**Records shown**
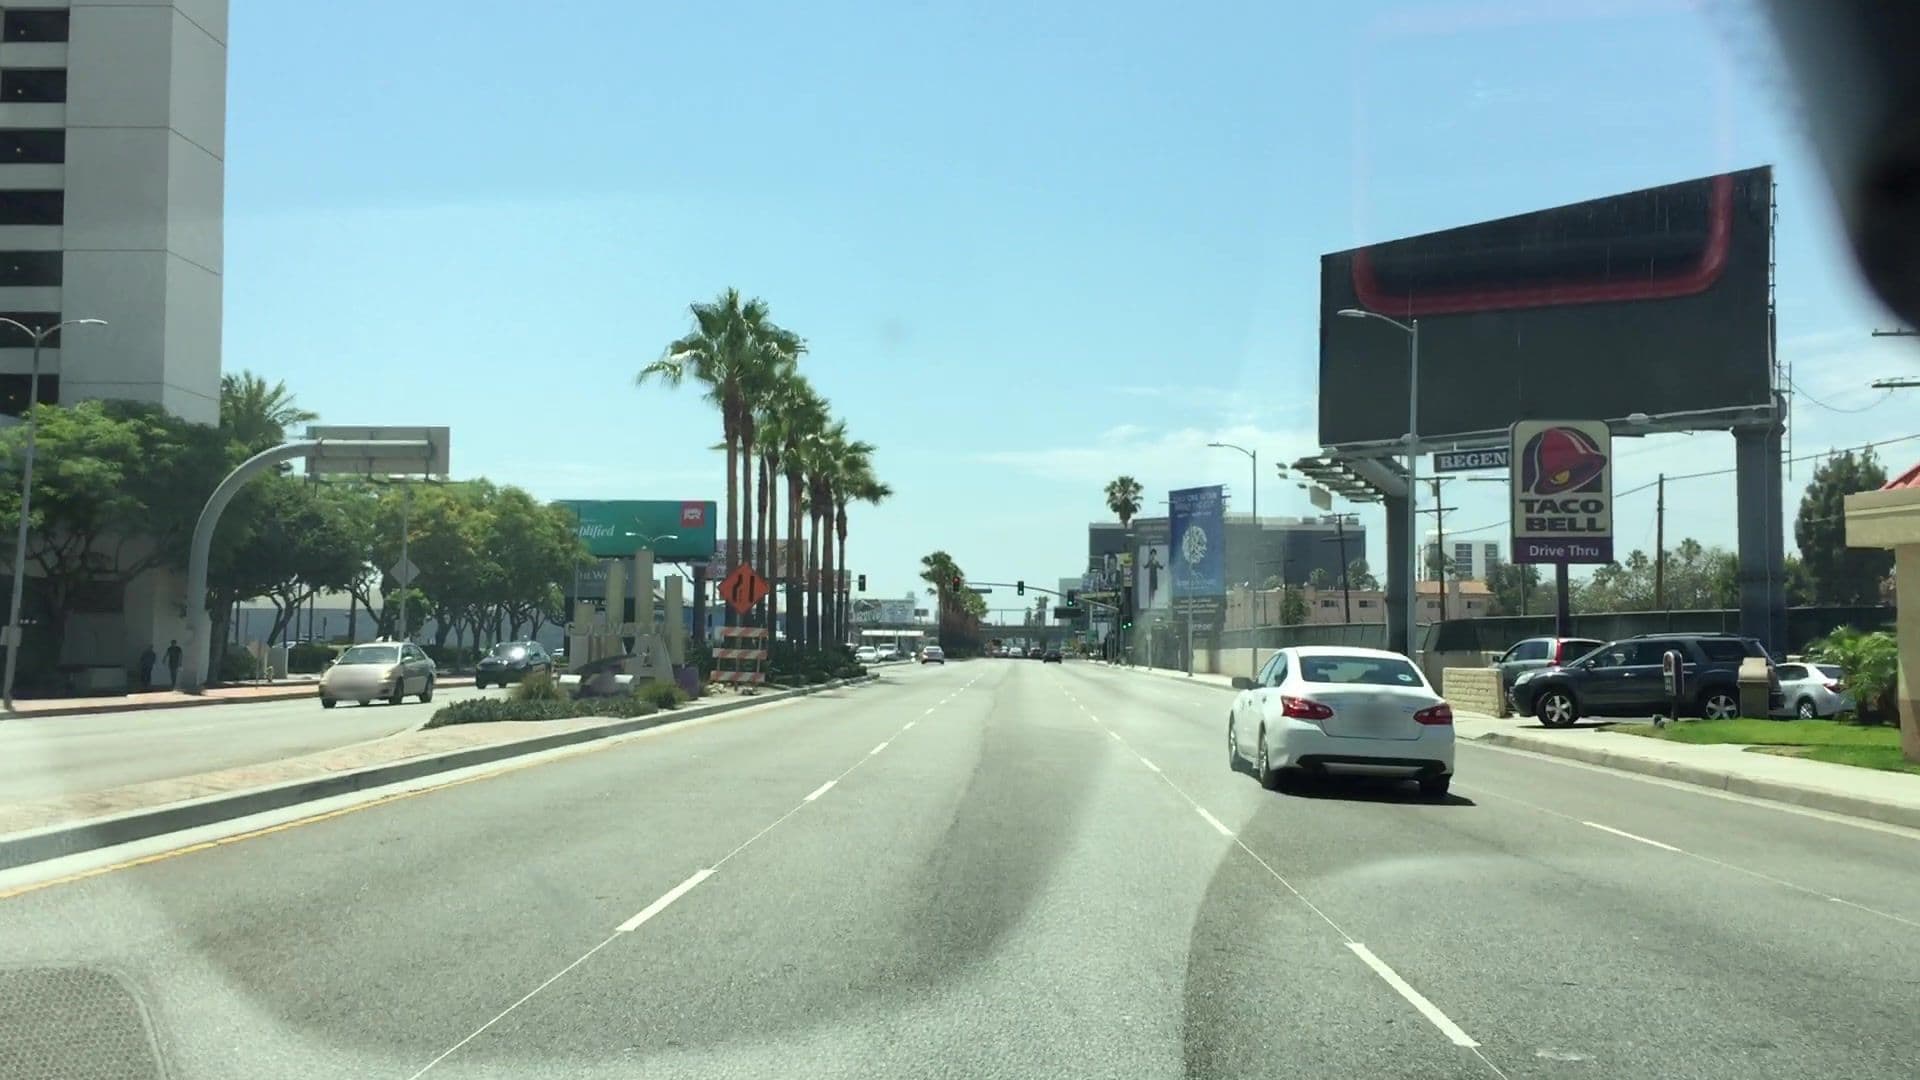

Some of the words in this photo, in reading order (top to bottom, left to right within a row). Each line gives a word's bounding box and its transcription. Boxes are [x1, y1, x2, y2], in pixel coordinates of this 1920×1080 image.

[1440, 451, 1511, 469] REGEN
[1520, 499, 1604, 514] TACO
[1526, 517, 1606, 532] BELL
[1529, 544, 1564, 557] Drive
[1568, 544, 1599, 557] Thru
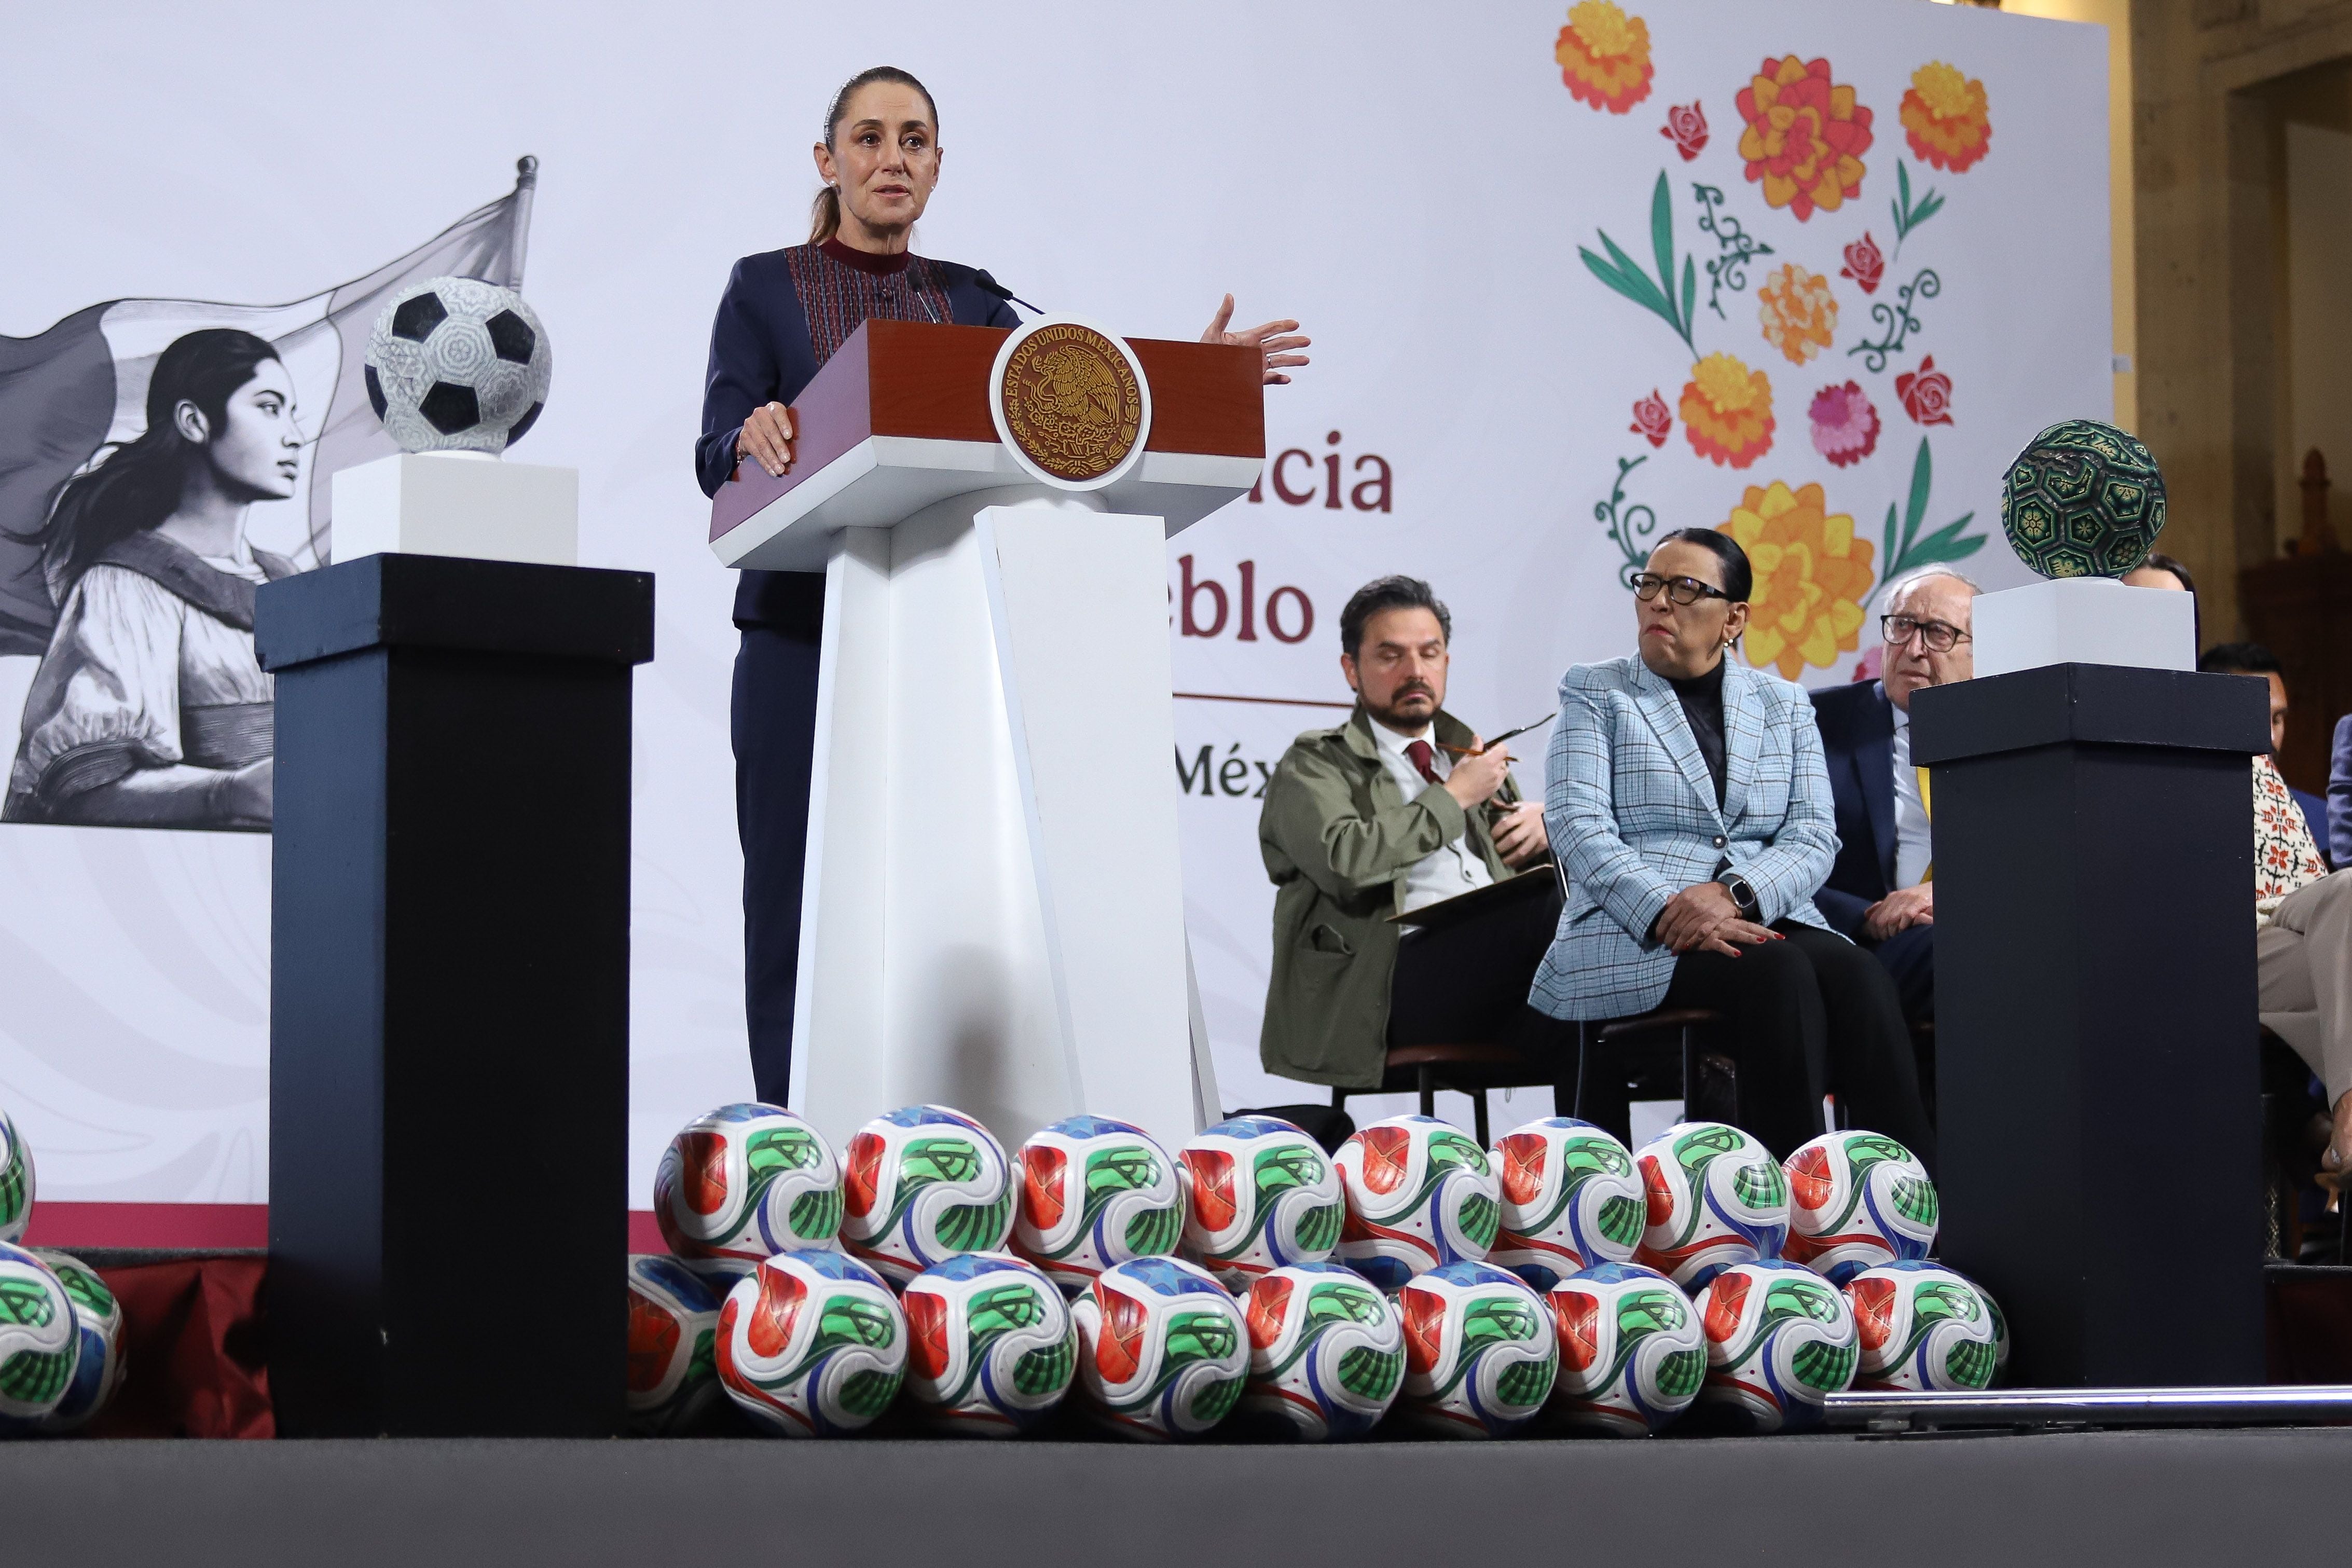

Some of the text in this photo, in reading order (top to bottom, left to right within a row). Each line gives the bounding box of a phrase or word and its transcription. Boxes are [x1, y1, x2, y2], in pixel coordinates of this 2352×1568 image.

[1005, 327, 1139, 405] ESTADOS UNIDOS MEXICANOS
[1167, 555, 1313, 643] blo

**Problem to solve**
If the listing above includes images, copy every line of it exactly except those images.

**Answer area**
Some of the words in this photo, in reading order (top to bottom, left to right within a row). Each line gives a word's bounding box and its transcription. Boxes are [x1, y1, x2, y2], in pixel coordinates of this 1920×1080 image.

[1440, 451, 1511, 469] REGEN
[1520, 499, 1604, 514] TACO
[1526, 517, 1606, 532] BELL
[1529, 544, 1564, 557] Drive
[1568, 544, 1599, 557] Thru

Some of the text in this photo, in reading order (top to bottom, left to right within a row). Each line gives the bounding box of a phrase or word and its transcription. Boxes are [x1, y1, x2, y2], in pixel coordinates of this 2352×1568 image.

[1005, 327, 1139, 405] ESTADOS UNIDOS MEXICANOS
[1167, 555, 1313, 643] blo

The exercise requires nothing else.